Tanju: Sakin ya iyi çocuk ne telaş yaptınız böyle kim aradı sizi
Gülin: Ben aradım da düştü dedim sadece önemli bir şey var demedim ki
Nihan: Aferin Gülin düştü denilir mi hem aramasan da olurdu gelince söylerdik telaş yapmışlar
Gülin: Düşünemedim ya özür dilerim
Güneş: Tamam herkes iyi konuşmayalım artık dedi. Ali oğlunu kucaklayarak ayağa kalktı. Nazlıya elini uzattı kalkması için ama Nazlı elini tutmadan kendi kalktı.
Beliz: Nazlı Ali iyi misiniz siz? Yüzünüz bi solgun kız niye tutmadın kocanın elini
Nazlı: Görmedim abla bi anda kalktım. Ege düştü deyince telaş yapıp korktuk ondandır
Ferman: Belli zaten ah Gülin bilmiyorduk ki birden aramış neyse Ege de iyi sizde kendinize gelin
Ali: Tamam tamam iyiyiz biz siz AçDemi yalnız bırakmayın geçin oynayın deyince herkes oraya yöneldi. Meralın yanına Nazlı onun yanına da Ali kucağında Egeyle masaya oturdular
Nazlı: Annecim o kadar dedim sana koşma diye bir yerin acıyor mu?
Ege: Bacağım biyaz acıyoy o kaday
Ali: Hastaneye gidelim mi Nazlı? Nazlı sinirle Aliye bakarken
Meral: Düştü çocuk tabiki acır geçer birazdan korkmayın bu kadar verin çocuğu bana dediğinde İsmette gelmişti. Özlemde oynayan kişilerin yanına gitmişti
Ali:(İsmete öfkeyle bakarken) Buyur annecim diyerek Egeyi onun yanına sandalyeye oturttu.

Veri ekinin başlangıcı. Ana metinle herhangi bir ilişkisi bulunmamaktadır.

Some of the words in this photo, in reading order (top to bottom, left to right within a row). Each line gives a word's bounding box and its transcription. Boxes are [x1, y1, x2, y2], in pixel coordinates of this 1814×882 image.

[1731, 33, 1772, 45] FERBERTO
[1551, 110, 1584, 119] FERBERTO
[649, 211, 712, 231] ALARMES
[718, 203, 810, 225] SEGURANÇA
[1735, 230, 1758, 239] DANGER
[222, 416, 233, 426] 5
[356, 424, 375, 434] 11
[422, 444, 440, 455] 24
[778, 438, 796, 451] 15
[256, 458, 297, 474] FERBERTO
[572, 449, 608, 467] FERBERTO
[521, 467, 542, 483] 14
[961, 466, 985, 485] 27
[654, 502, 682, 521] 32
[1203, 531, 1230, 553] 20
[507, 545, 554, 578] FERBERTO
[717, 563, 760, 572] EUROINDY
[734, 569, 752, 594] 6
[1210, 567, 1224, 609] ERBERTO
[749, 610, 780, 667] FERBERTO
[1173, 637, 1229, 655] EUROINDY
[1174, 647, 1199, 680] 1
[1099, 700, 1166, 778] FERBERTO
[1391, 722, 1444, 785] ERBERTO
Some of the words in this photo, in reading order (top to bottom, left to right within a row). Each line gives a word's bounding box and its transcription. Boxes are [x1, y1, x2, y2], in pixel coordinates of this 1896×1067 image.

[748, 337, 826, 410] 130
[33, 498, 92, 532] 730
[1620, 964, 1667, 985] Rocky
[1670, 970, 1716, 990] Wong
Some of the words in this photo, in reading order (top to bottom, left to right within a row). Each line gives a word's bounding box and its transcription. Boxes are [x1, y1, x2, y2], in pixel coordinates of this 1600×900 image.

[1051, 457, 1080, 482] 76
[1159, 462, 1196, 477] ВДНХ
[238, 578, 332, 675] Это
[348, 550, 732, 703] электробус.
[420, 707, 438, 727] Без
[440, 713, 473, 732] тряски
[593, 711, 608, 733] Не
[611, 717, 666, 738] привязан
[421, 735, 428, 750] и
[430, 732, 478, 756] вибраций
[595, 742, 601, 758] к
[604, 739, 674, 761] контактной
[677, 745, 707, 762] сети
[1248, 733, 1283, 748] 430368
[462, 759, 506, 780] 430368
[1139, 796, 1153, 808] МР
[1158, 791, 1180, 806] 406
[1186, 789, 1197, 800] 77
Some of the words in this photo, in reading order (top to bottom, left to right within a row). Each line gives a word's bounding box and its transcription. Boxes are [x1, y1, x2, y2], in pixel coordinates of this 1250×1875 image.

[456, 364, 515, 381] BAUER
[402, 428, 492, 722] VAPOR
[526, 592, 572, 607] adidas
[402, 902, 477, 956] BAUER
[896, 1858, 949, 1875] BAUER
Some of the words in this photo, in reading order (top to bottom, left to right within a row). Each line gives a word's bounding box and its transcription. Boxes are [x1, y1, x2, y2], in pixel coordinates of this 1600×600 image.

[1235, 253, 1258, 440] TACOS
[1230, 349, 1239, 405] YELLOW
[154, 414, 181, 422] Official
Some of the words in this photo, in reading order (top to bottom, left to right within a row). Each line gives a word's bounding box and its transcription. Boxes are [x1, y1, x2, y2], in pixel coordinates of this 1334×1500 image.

Meral: Hadi şimdi al karını çıkın dans edin tüm çiftler dansa başladı dediğinde
Nazlı: Yok ben dans etmeyeceğim
Meral: Kıracak mısın beni sizi izlemek istiyorum belki de son defa..
Nazlı: Anne ne son defası deme öyle şeyler sen iyi olacaksın
Meral: Tamam demeyeceğim ama sizde kırmayın beni
Ali: Tamam Meral sultan dansa gidiyoruz biz diyerek Nazlıyı belinden tutup sahneye getirdi
.
AçDem FerBel, GülGün, TanNih ve AlNaz dans ediyorlardı tüm çiftler. Herkes çok mutluydu. AlNaz hariç. Nazlı yaklaşmamaya dikkat ederek dans ederken Ali Meral'in onlara bakmasıyla belinden tuttuğu Nazlıyı kendine yapıştırdı.
Nazlı:(sinirle) Napıyorsun sen!
Ali: Annen bize bakıyor Nazlı dediğinde Nazlı annesini görünce susup dansa ve Aliye ayak uydurmaya devam etti. Bir süre sonra düğün bitmiş geceyi bulmuştu saatler. Herkes evlerine dağılırken
Beliz: Annem bu gece bize gel sabah seni bırakırız
Meral: Tamam kızım
Ferman: Hadi gidelim ozaman
Nazlı: Sabah hastanede görüşürüz ozaman deyip ayrıldılar ordan.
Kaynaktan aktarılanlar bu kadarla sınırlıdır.